May 2021 - Edition 25, The Power of Pretotyping

Introduction

Boy am I glad that I got that last one in so early. I almost forgot that I had one due this month. It just goes to prove that sometimes not procrastinating can pay off. Not necessarily what I want to believe, but deep down I know it’s true. The last minute push this time is because I’ve been unusually busy, and it’s very much related to today’s topic.

Demetri's Corner

The fabrication table is done, and I’ve starting work on organizing the workshop so there’s more space for tools and projects. I’ve taken a little pause on my welding training since I’m running short on supplies, but my next major project will be a welding cart. I’ll put that on the SES YouTube channel when I do that project. And feel free to check out the channel for other random musings and projects.

As I mentioned in the introduction, I’ve been very busy. I have had the fortunate opportunity to design something that is going to get built. And as always, I find that I doubt the efficacy of the design, both in terms of manufacturability and end use. This self-doubt occurs regardless of how well versed I am in the application, equipment, and materials in the design. I don’t think this is really a bad thing, but it drives me to testing some of my assumptions in extremely simplified ways.

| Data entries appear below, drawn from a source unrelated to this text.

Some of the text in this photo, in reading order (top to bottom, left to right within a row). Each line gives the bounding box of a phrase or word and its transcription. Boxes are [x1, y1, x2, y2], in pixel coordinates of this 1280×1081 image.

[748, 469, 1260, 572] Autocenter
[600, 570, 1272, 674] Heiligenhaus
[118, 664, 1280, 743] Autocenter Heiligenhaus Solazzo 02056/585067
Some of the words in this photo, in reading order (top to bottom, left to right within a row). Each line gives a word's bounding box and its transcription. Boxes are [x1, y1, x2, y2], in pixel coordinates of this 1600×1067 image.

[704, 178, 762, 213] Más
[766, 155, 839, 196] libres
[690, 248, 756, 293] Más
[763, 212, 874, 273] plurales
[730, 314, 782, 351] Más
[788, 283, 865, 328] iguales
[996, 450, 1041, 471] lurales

This is roughly the essence of pretotyping, which is the subject of today’s newsletter.

Today's Subject - The Power of Pretotyping

The term “pretotyping” is claimed to have been created (at least per my limited research) by a someone at Google, Alberto Savoia, in 2009. The stated definition is:

Testing the initial appeal and actual usage of a potential new product by simulating its core experience with the smallest possible investment of time and money.

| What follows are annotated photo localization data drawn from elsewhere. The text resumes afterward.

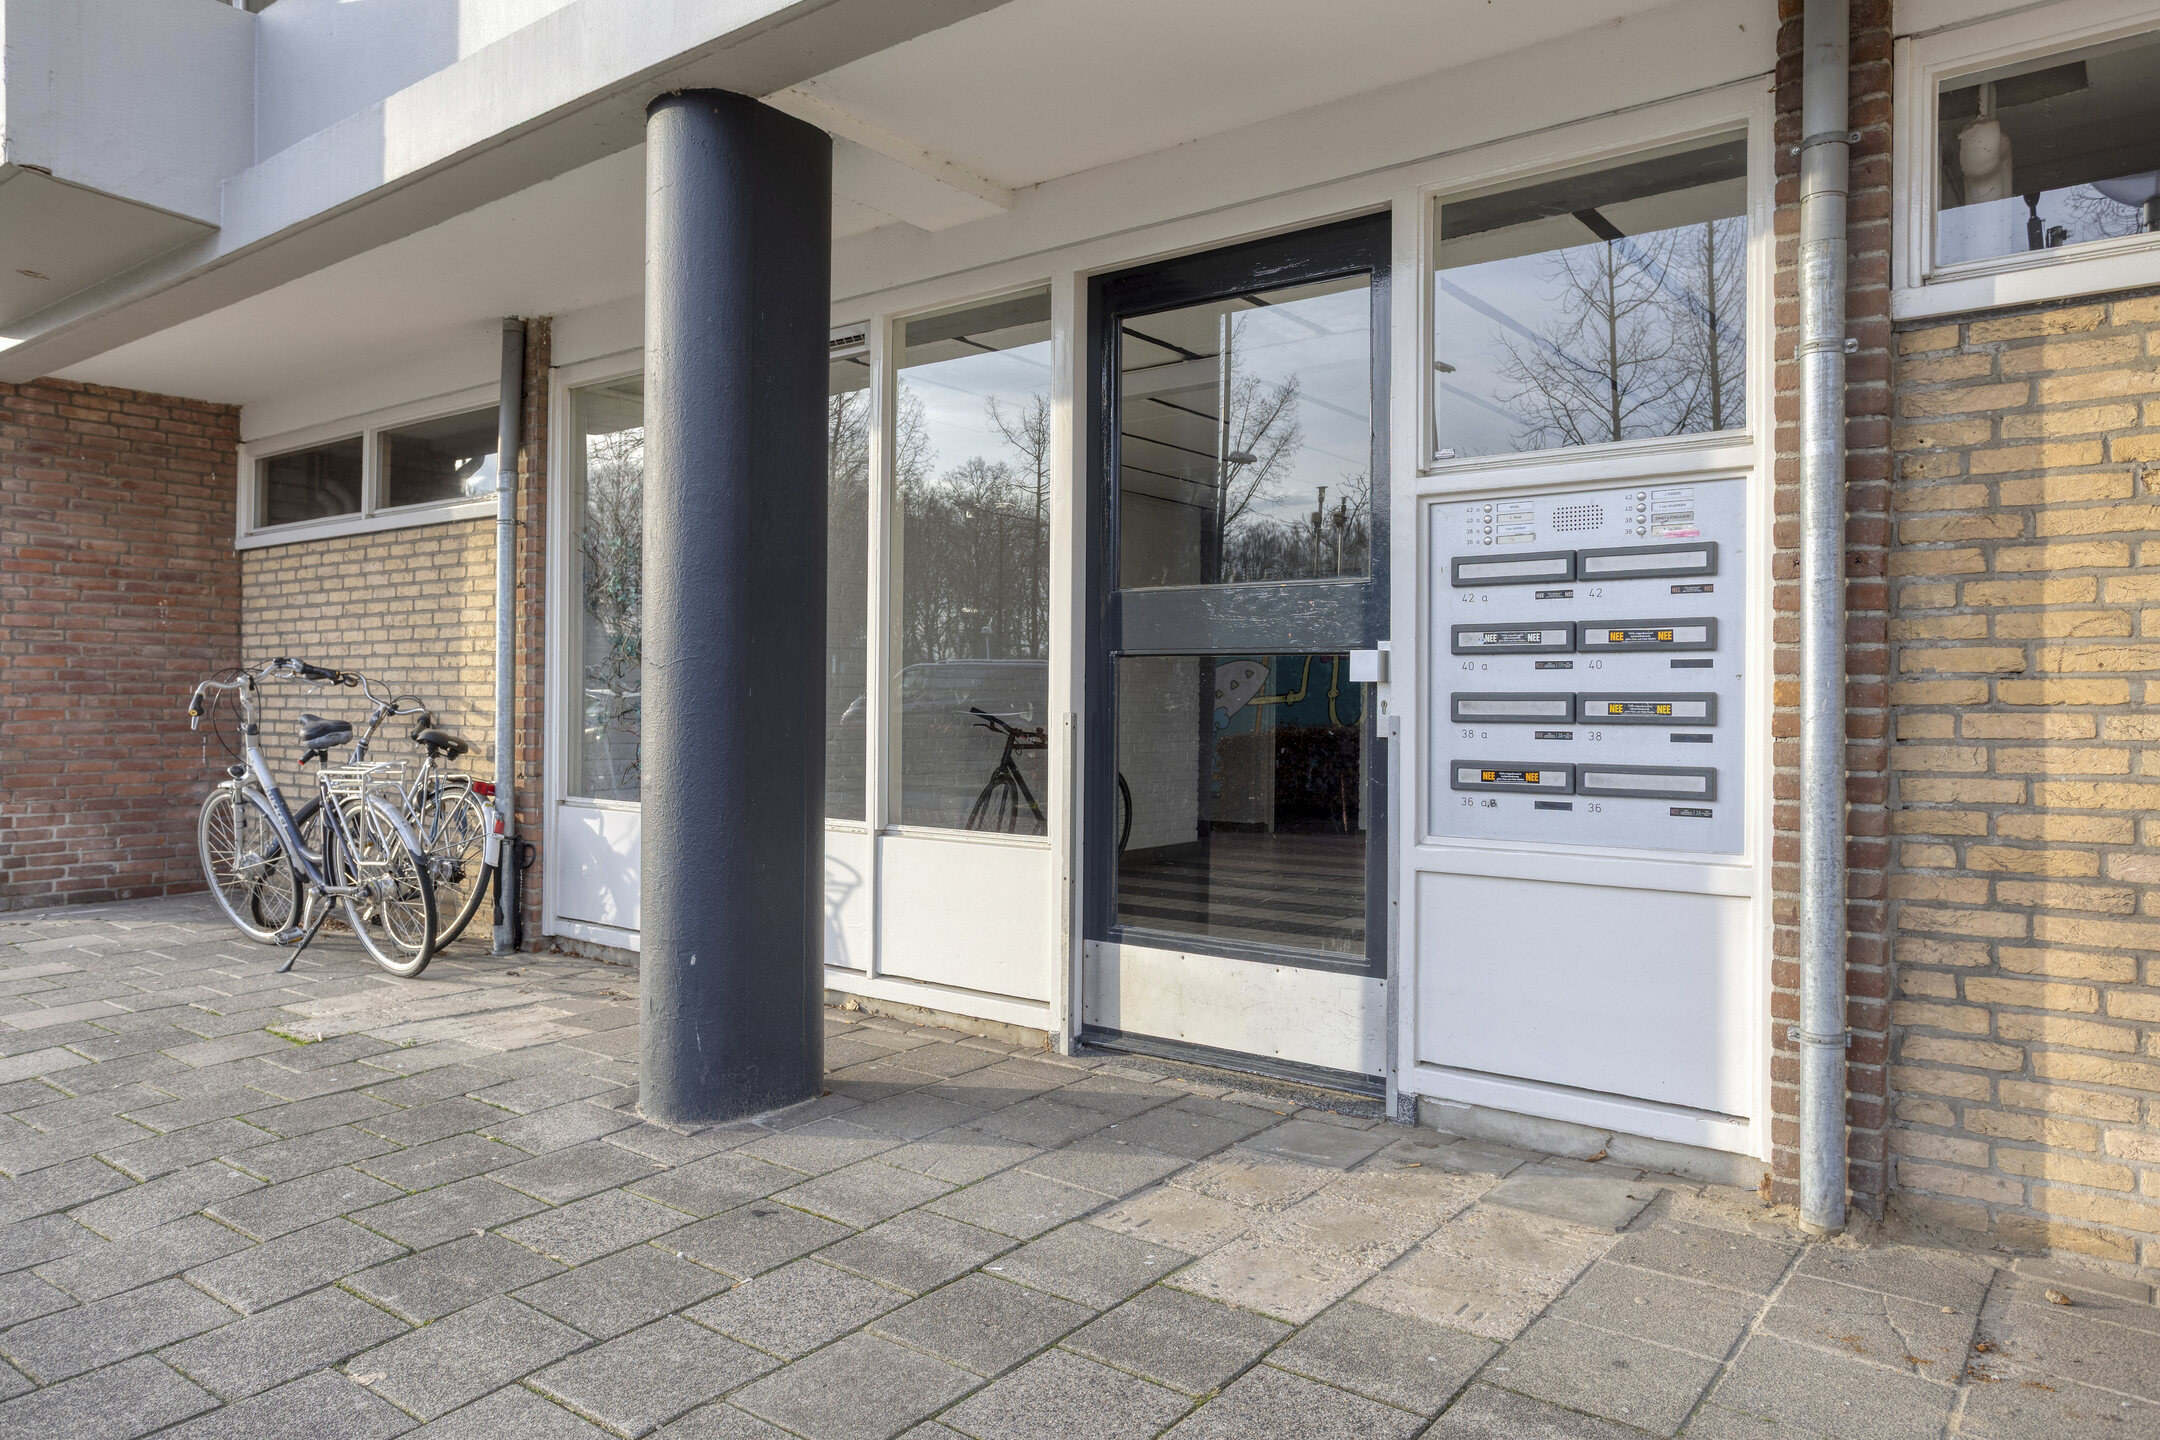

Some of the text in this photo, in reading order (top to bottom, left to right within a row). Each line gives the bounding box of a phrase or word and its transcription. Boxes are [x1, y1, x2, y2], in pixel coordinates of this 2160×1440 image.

[1588, 587, 1603, 598] 42
[1462, 593, 1488, 603] 42 a
[1484, 634, 1498, 643] NEE
[1527, 632, 1541, 642] NEE
[1610, 632, 1624, 641] NEE
[1657, 631, 1672, 640] NEE
[1462, 661, 1488, 671] 40 a
[1588, 659, 1603, 669] 40
[1609, 704, 1623, 713] NEE
[1656, 705, 1671, 714] NEE
[1461, 729, 1488, 739] 38 a
[1588, 731, 1602, 741] 38
[1482, 771, 1496, 781] NEE
[1525, 772, 1539, 782] NEE
[1461, 797, 1474, 807] 36
[1587, 803, 1602, 813] 36

This is by no means something that only started existing in 2009. My favorite example is the story of how the Palm Pilot was developed. Jeff Dawkins carried around a wood and paper version for weeks to see whether it was something he would consider carrying and looking to for information. Similar examples of “product simulations” abound, but we’re going to focus on pretotyping for mechanical designs.

Pretotype vs. Prototype

A prototype tests the ability for a design to work, so in essence it is either a preliminary version of the finally envisioned product, or some “works like” derivation. A pretotype is much more interested in whether you would want to use the design in the first place. Note in the definition the use of “experience” rather than “function”. Mostly we see pretotyping in software development where some shell of the software is developed so the user gets the front-end experience, but the “guts” are merely pre-canned responses or automated actions.

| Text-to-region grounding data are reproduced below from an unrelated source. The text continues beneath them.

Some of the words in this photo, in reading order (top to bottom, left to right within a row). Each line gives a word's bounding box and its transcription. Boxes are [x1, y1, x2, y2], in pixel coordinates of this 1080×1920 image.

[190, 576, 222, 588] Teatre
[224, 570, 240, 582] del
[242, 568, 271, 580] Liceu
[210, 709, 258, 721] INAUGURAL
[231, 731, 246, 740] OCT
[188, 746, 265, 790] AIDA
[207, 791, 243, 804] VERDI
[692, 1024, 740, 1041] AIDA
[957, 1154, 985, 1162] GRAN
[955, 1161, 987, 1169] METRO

In software, this seems pretty obvious – you make a dummy interface and get to determine how much you might enjoy its use. For physical design the line between prototypes and pretotypes is blurrier.

How to Draw the Line

Engineers abhor shades of grey, even though we operate in them constantly (see many past newsletters if you want to revisit my rants on this subject). Here’s my attempt to draw a (thick) line between the two. It all comes down to why these phases is design. Prototypes exist to test the ability to meet functional requirements. Pretotypes exist to test whether the product will be used.

That drives us to distinguishing between two very different types of requirements that drive the design: functional requirements and operational requirements. The former is essentially “critical” for physical products. Without meeting these requirements, there would be no reason for the products’ existence. Examples include the ability for bearings to turn, support structures to not buckle, etc. Operational requirements are those imposed on the design so its functional requirements can actually be accessed. For bearings, it might be the ability to lubricate the bearings and for a support structure the ability to perform periodic inspections for corrosion.

If the functional requirements for the design are met by the product you are evaluating, at a minimum this is a prototype. Even if it’s awkward, messy, breaks a lot, looks horrible, etc. A pretotype will never be able to meet all of the functional requirements, and perhaps will meet none of them.

A pretotype is much more interested in the operational requirements. This is usually manifested in space envelopes, user controls, and interfaces with other components. To take it a step further, a pretotype is only interested in some subset of the operational requirements, which significantly limits its scope – and this is an important point.

Why Pretotypes?

There are three competing factors in all designs – schedule, cost, and quality. Both prototypes and pretotypes are the least interested in the last factor as they are temporary test products at best. The difference between the two is the balance between schedule and cost. In the current design and manufacturing environment, the actual making of a thing is often a very small portion of the actual design cost.

Pretotyping looks to trade some of the cost that would normally go into the design into producing something tangible early in the process with the goal of at least breaking even on cost by reducing design effort, but more importantly accelerating schedule. In this way, a well conceived pretotype is at a minimum cost neutral, but schedule positive.

Prototypes are certainly not cost neutral but are generally used for risk reduction during the manufacturing and warranty phases. They exist not to accelerate the design cycle (often they slow it down), but to accelerate the manufacturing cycle and reduce long-term risk. Where this has value, it doesn’t provide the schedule acceleration that pretotyping is designed to achieve.

What Defines a Good Pretotype?

We already spoke of a pretotype being cost neutral and schedule positive, so let’s understand that a little bit better. To achieve this result three things must be true: it should be quick to build, much cheaper than a prototype, and provide time-saving information.

A good pretotype will be quick to manufacture. The entire purpose of the pretotype is to accelerate the design schedule, so a pretotype that is time consuming the manufacture defeats its own purpose. This requires creativity as the materials of construction, methods used for manufacturing, and scope of the pretotype design all play a role in determining how long it takes to make.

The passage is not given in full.